Most ureteral injuries occur during surgery. Procedures that most often injure the ureter include ureteroscopy, hysterectomy, low anterior colon resection, and open abdominal aneurysm repair. Mechanisms include ligation, transection, avulsion, crush, devascularization, kinking, and electrocoagulation.
Noniatrogenic ureteral injuries account for only about 1 to 3% of all genitourinary trauma. They usually result from gunshot wounds and rarely from stab wounds. In children, avulsion injuries are more common and occur at the ureteropelvic junction. Complications include peritoneal or retroperitoneal urinary leakage; perinephric abscess; fistula formation (eg, ureterovaginal, ureterocutaneous); and ureteral stricture, obstruction, or both.
Diagnosis of Ureteral Trauma
Imaging, exploratory surgery, or both
Diagnosis of ureteral injuries is suspected on the basis of history and requires a high index of suspicion, because symptoms are nonspecific and hematuria is absent in > 30% of patients. Diagnosis is confirmed by imaging (eg, CT with contrast that includes delayed images, retrograde urethrography), exploratory surgery, or both. Fever, flank tenderness, prolonged ileus, urinary leakage, obstruction, and sepsis
Treatment of Ureteral Trauma
For minor injuries, percutaneous nephrostomy tube or ureteral stent
For major injuries, surgical repair
All ureteral injuries require intervention.
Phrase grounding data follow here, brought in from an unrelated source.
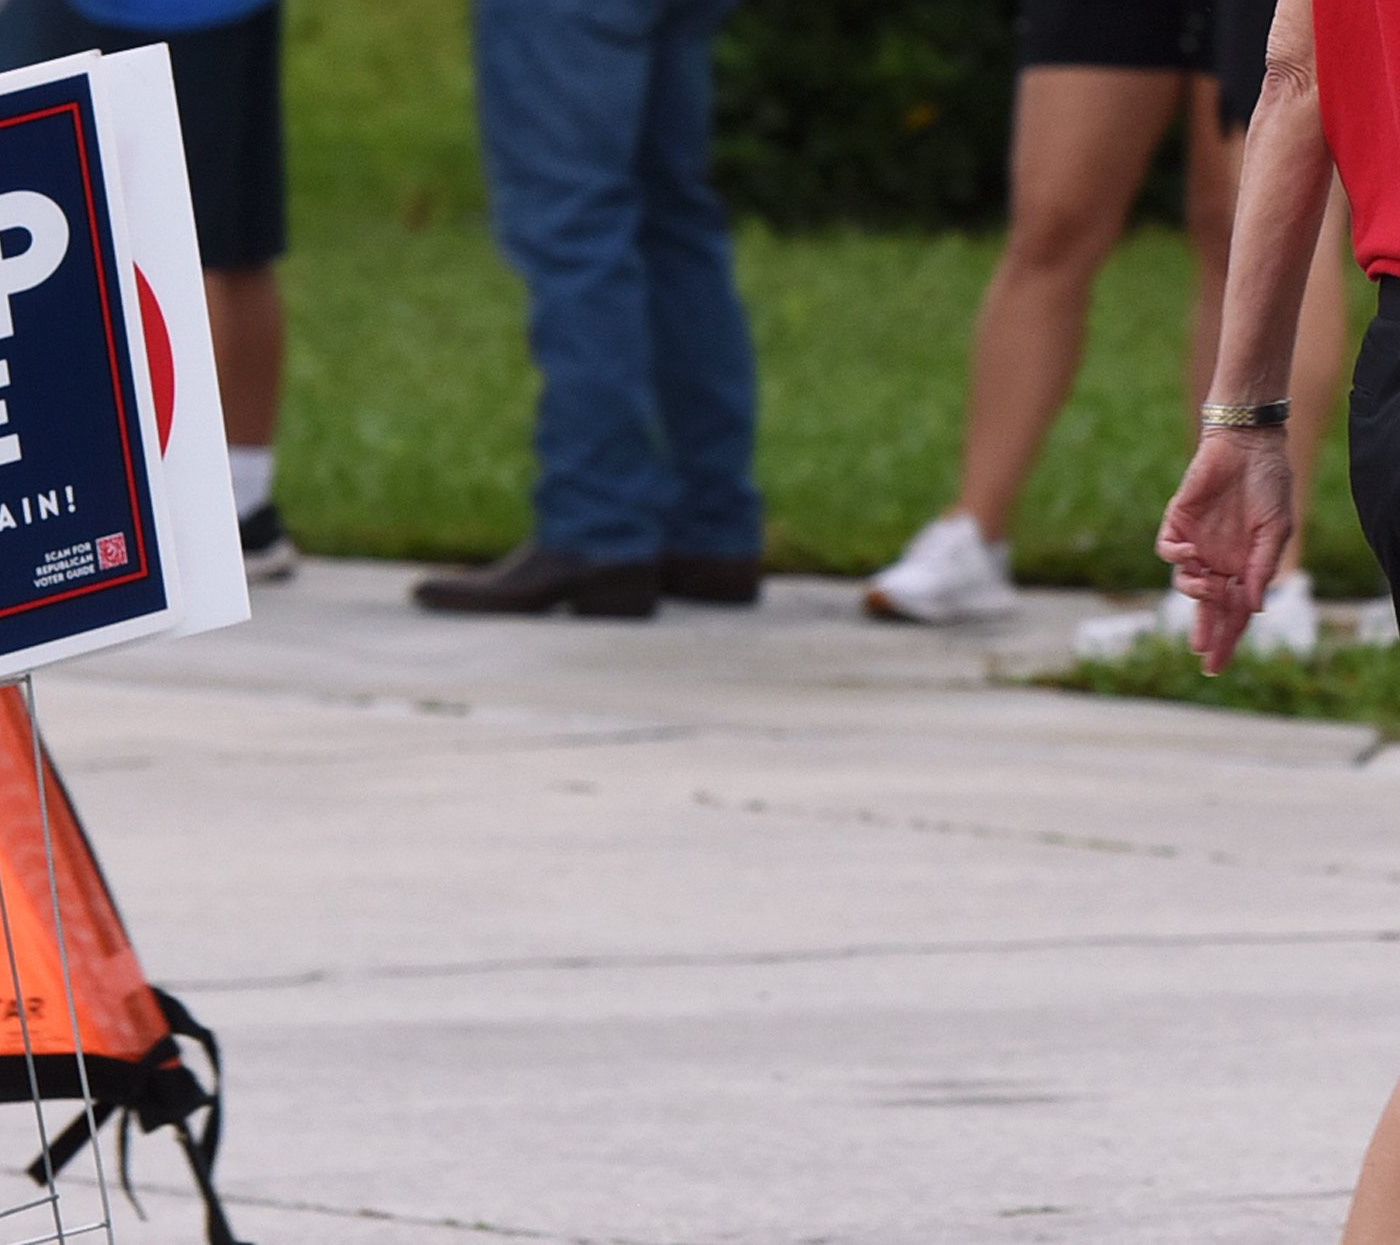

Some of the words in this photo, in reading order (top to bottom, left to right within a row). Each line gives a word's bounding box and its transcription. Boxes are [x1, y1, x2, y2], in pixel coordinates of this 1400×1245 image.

[44, 547, 71, 563] SCAN
[72, 542, 92, 555] FOR
[33, 573, 65, 588] VOTER
[66, 563, 95, 580] GUIDE
[35, 554, 94, 576] REPUBLICAN
A diverting percutaneous nephrostomy tube and/or placement of a ureteral stent (retrograde or antegrade) is often sufficient for minor injuries (eg, contusions or partial transections). Minor iatrogenic intraoperative ureteral injuries such as a partial laceration can be managed with primary closure. In the case of unintended ligation with a suture, suture removal may be adequate. All repairs should be stented.
Major injuries (eg, complete transection or avulsion injuries) typically require reconstructive techniques, either open or laparoscopic, depending on their location and extent. These techniques include ureteral reimplantation, primary ureteral anastomosis, anterior (Boari) bladder flap, transureteroureterostomy, ileal interposition, and as a last resort, autotransplantation. In unstable patients a damage control approach is used whereby the ureter is temporarily drained with definitive management deferred.
Key Points
Most ureteral injuries occur during surgery.
For ureteral injuries from external trauma, maintain a high index of suspicion because findings are nonspecific and hematuria is commonly absent.